The Dutch Competition Authority has stated that it could not believe there is a relation between the increased tariffs and actual costs.” Accordingly, Dantuma says, the proposal is that while the meter tariff should be cost reflective, its ceiling should be set at the 2005 rate plus the subsequent CPI. “This cost will now become regulated, while the data collection costs, which will be set by the supplier, will be unregulated.” From an energy saving perspective Dantuma says the government is taking a conservative approach with a projected 2% saving per annum.

However, evidence shows that real savings can be between 5 and 20%, he says. “Therefore we expect that this 2% will increase over time, when smart metering gains more interest, and is coupled with other energy saving options. “But a lot depends on the customers and how willing they are to change their attitudes to energy usage.”

In terms of the proposed regulations energy consumption data will be provided to customers at least six times per year, Dantuma says – this being believed to be frequent enough for customers to be able to undertake their own energy management. It is important that commercial parties are absolutely free to do more and to differentiate themselves from competitors in terms of the aggregation and frequency of data and added value services (bechmarks, savings advice).

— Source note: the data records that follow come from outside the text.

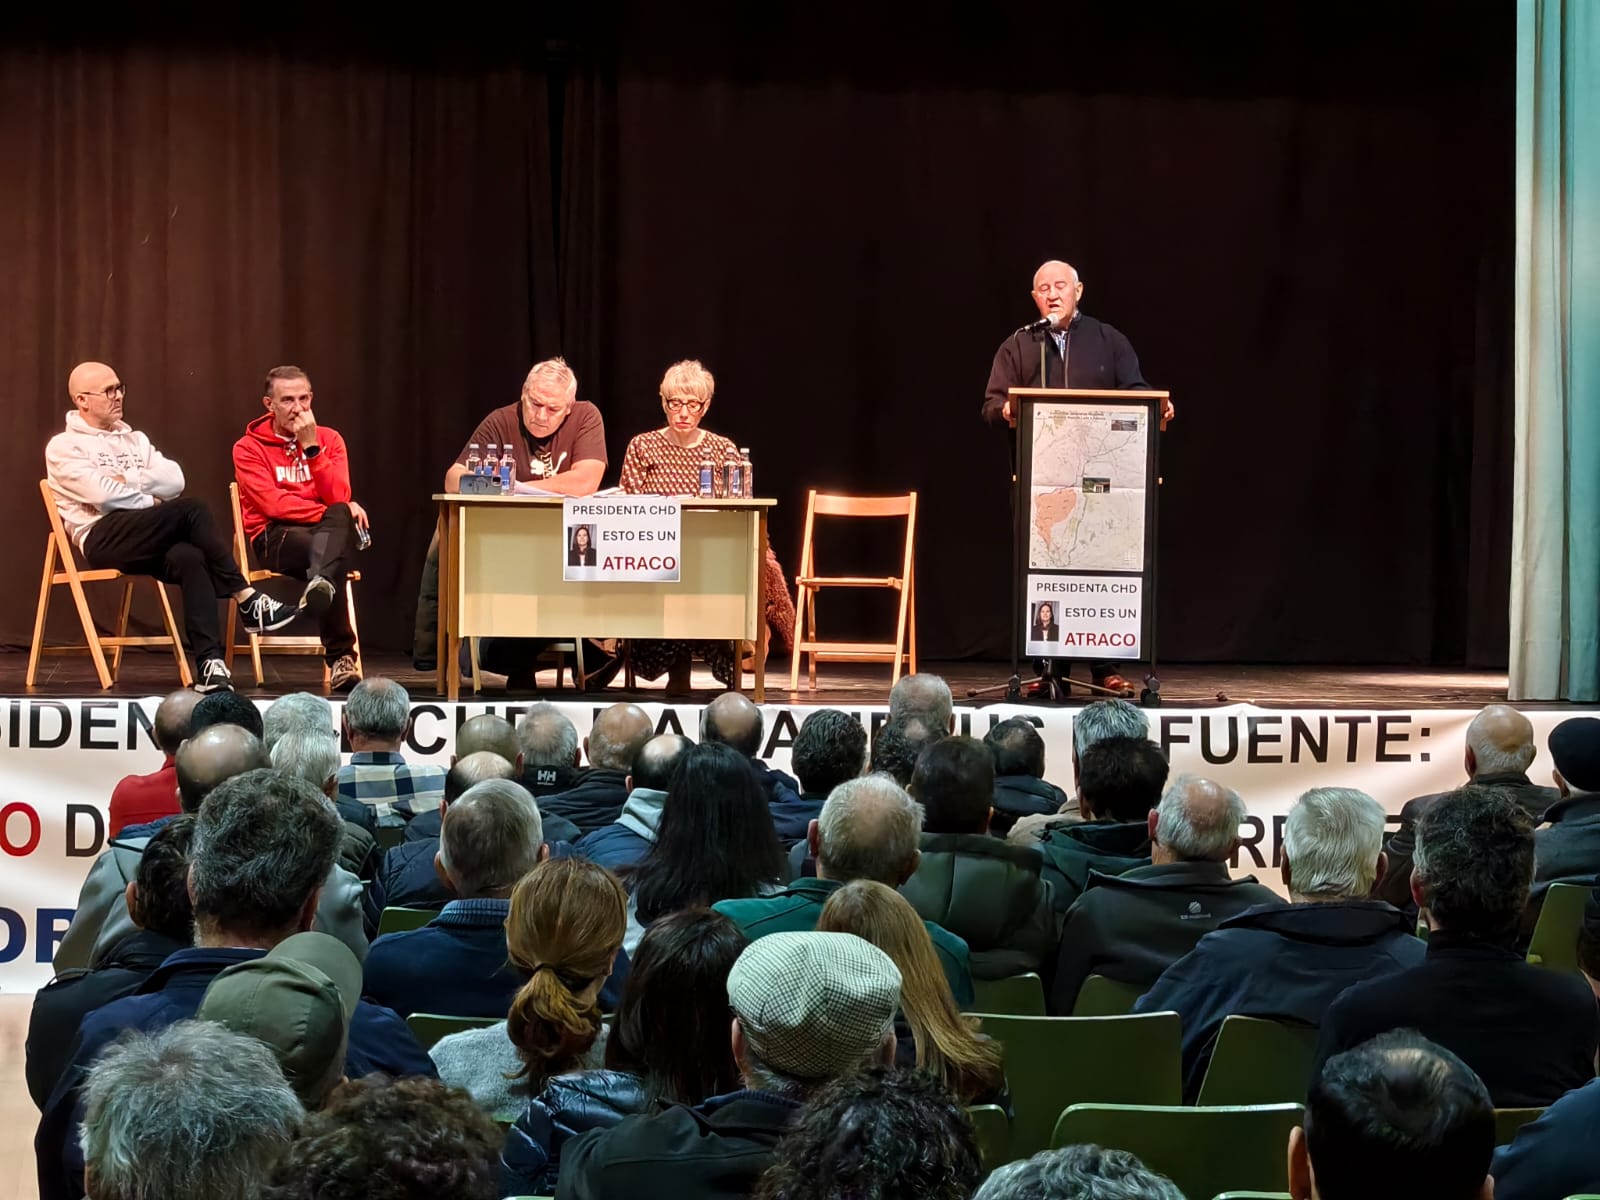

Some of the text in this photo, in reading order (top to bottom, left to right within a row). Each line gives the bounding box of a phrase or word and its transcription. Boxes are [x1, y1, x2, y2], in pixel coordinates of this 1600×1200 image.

[275, 464, 313, 482] PUM
[572, 505, 677, 515] PRESIDENTA CHD
[602, 530, 676, 541] ESTO ES UN
[602, 556, 677, 571] ATRACO
[1036, 582, 1137, 594] PRESIDENTA CHD
[1065, 607, 1137, 619] ESTO ES UN
[1064, 632, 1136, 647] ATRACO
[0, 700, 162, 750] IDEN
[1073, 715, 1431, 765] FUENTE:
[66, 804, 105, 857] D
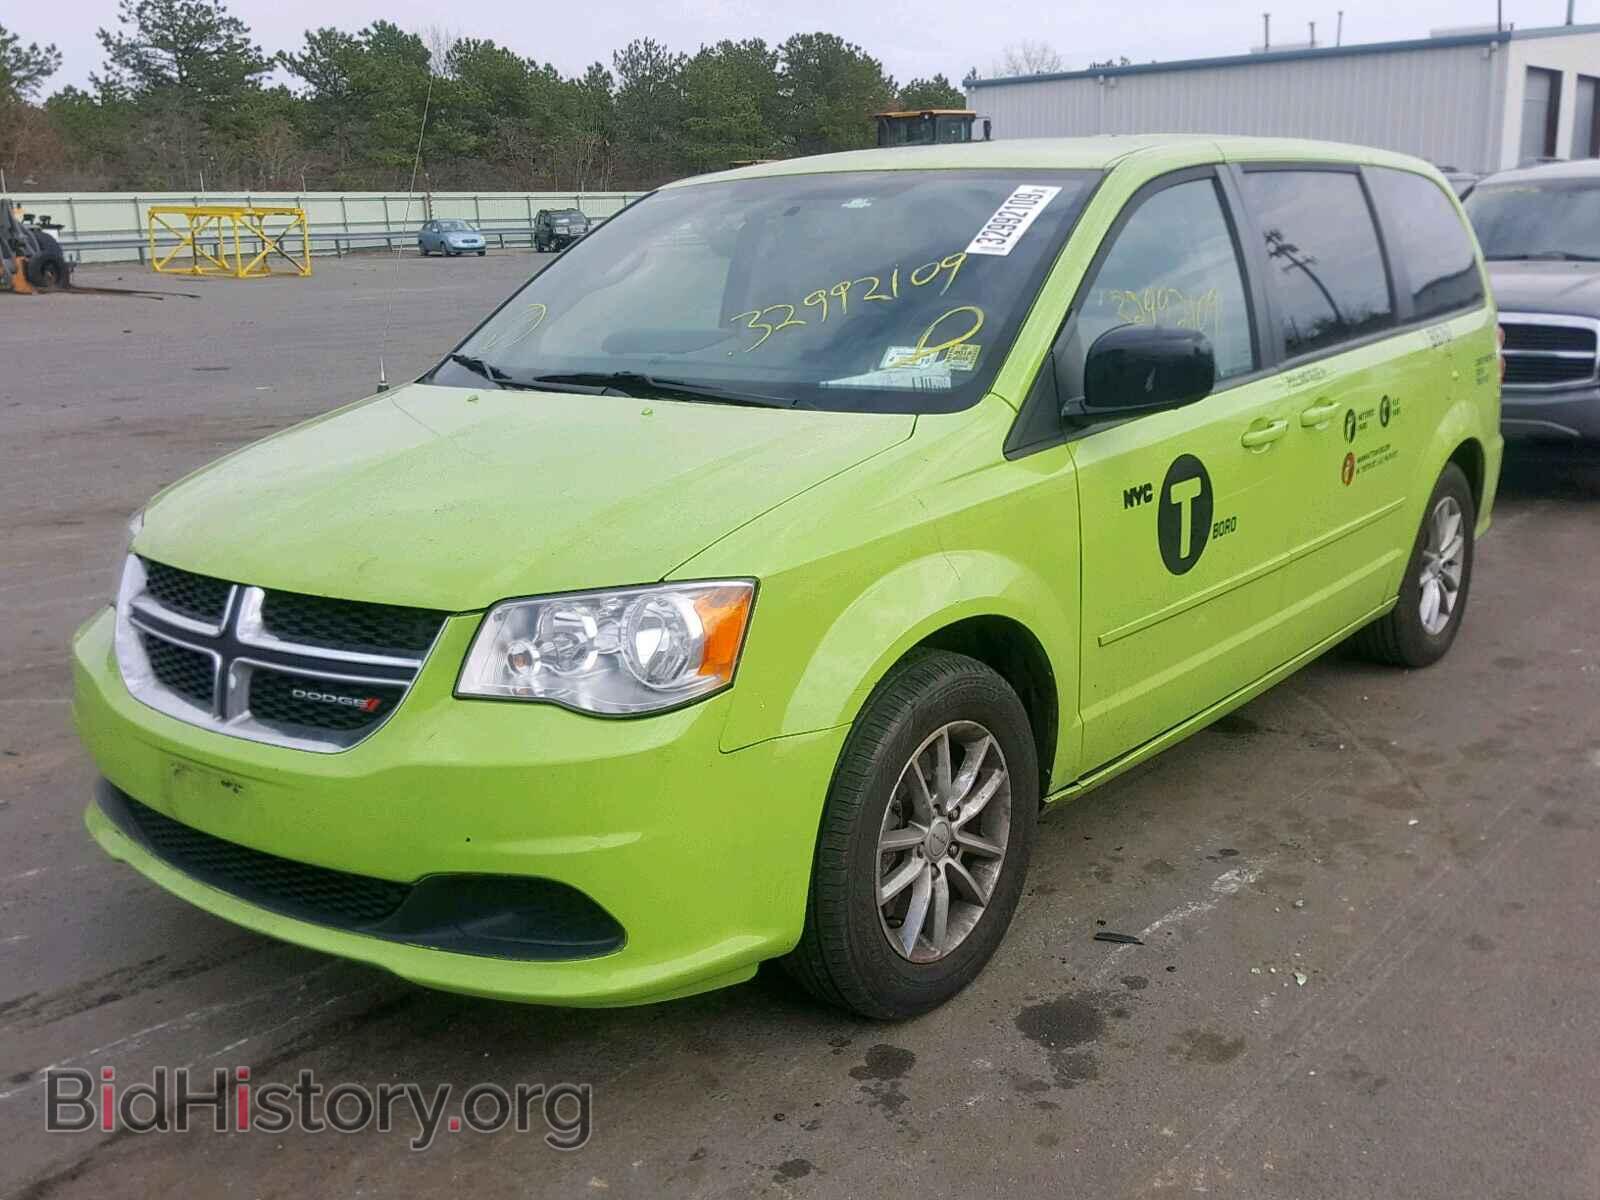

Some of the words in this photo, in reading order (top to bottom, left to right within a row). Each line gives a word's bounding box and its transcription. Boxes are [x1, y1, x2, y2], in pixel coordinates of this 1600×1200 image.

[975, 193, 1045, 245] 32992109
[730, 252, 968, 353] 32992109
[1123, 483, 1153, 510] NYC
[1212, 516, 1238, 540] BORO
[292, 689, 369, 710] DODGE

“We think the data must be provided in graphical form and also that there must be some data for comparison purposes, such as the usage over a similar period of say a year ago. We also think that it would be helpful if the data is provided in both kilowatthours as well as in euros, so that it can be understood by the customers who don’t have a technical background. “But we are leaving the fine detail of that to the suppliers, who better understand their customers.”Dantuma says that the proposed law seeks to achieve complete smart meter roll-out within six years from its promulgation, which is expected in early 2008.

However, he comments that there are already a number of pilot projects under way, with perhaps around 100,000 smart meters in use in The Netherlands.“Figures are scarce because this tends to be commercially sensitive data,” he says, adding that the largest known roll-out so far has been by Oxxio – a supplier owned by the UK’s Centrica – known to have some 80,000 smart meters in use by the start of 2007. Continuon is planning to install some 50,000 meters this year.

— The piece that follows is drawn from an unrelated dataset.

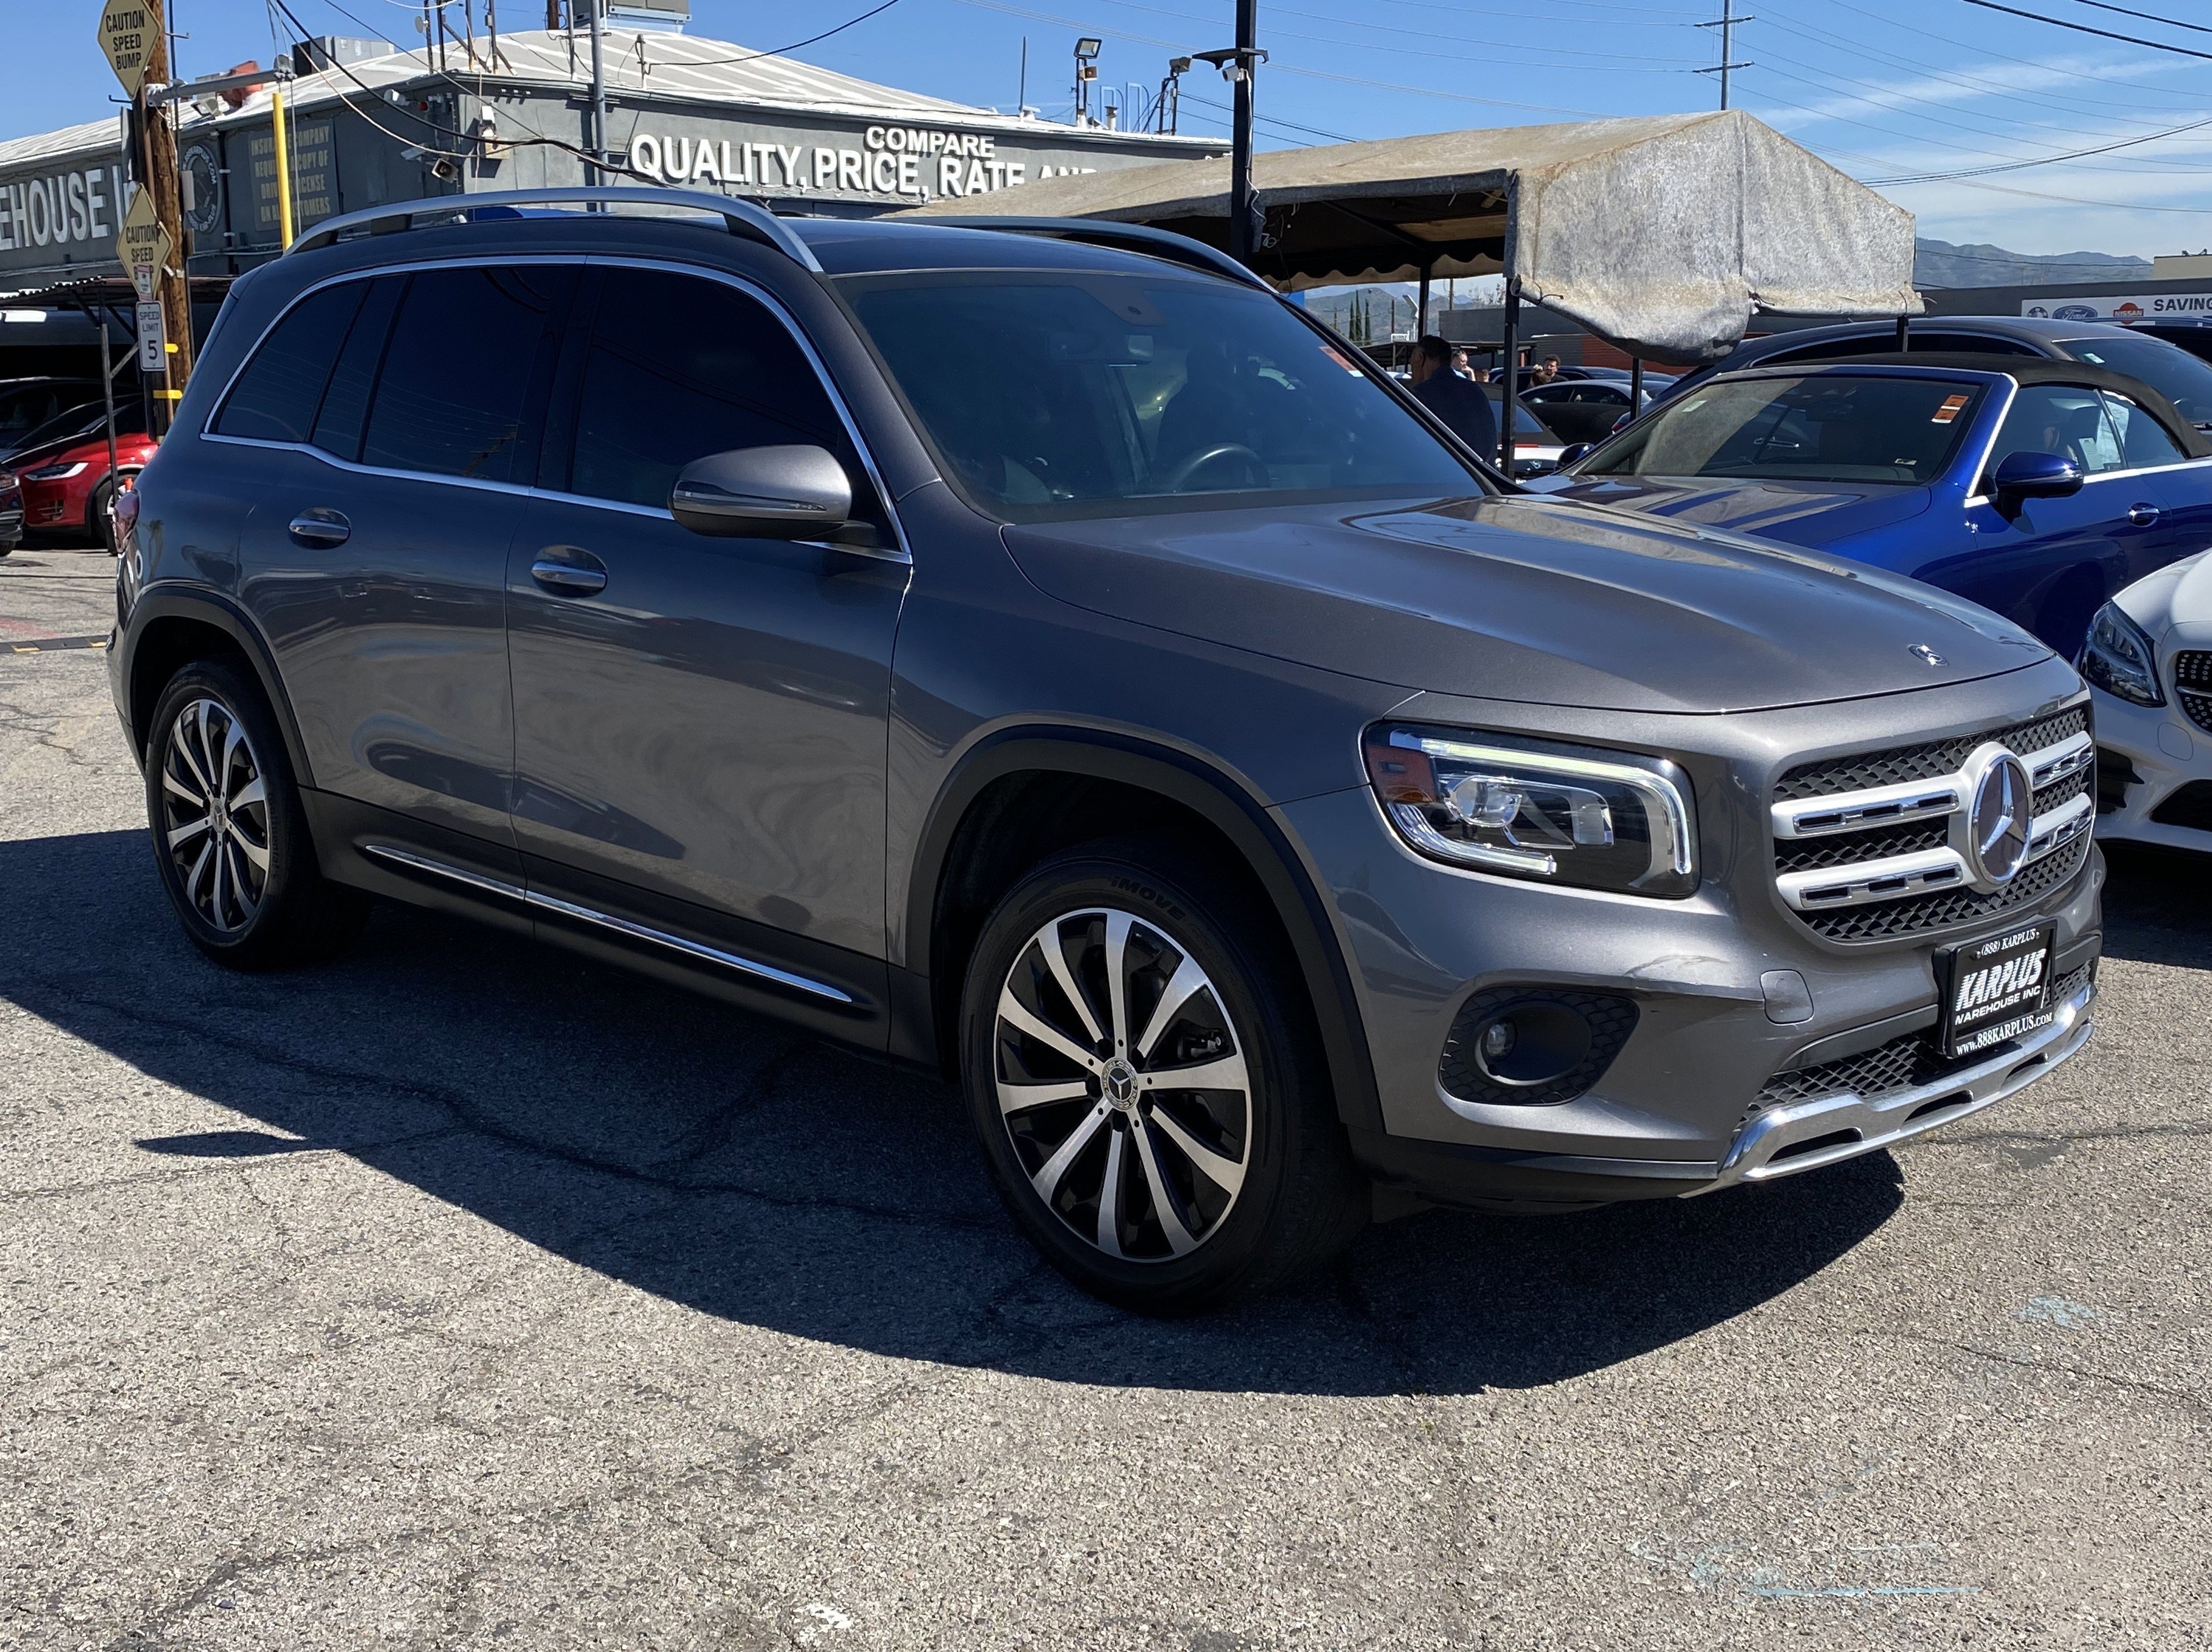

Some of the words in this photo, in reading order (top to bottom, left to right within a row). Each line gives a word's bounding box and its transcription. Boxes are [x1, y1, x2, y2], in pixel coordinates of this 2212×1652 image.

“This number might have been more if the government hadn’t intervened but by mandating that a standardisation process be started and by placing the primary responsibility with the network operator, massive roll-out cannot start earlier than 2008.” Dantuma says that he personally finds the smart metering concept very interesting, because he sees it as a convergence between the old energy sector and the telecoms sector.

“It is a fact that smart metering will add a communications channel to every home and is breaking down the traditional monopolistic energy market and improving service delivery.” However, while The Netherlands is fairly advanced with its smart metering roll-out among European countries, it is not setting itself up as a role model for such roll-outs, he says.

“Everyone is looking at everyone else and we are, for example, looking at Vattenfall’s roll-out in Sweden as well as Enel’s in Italy. There is a lot of dependency on the various parts of the project to ensure that the various benefits actually emerge.”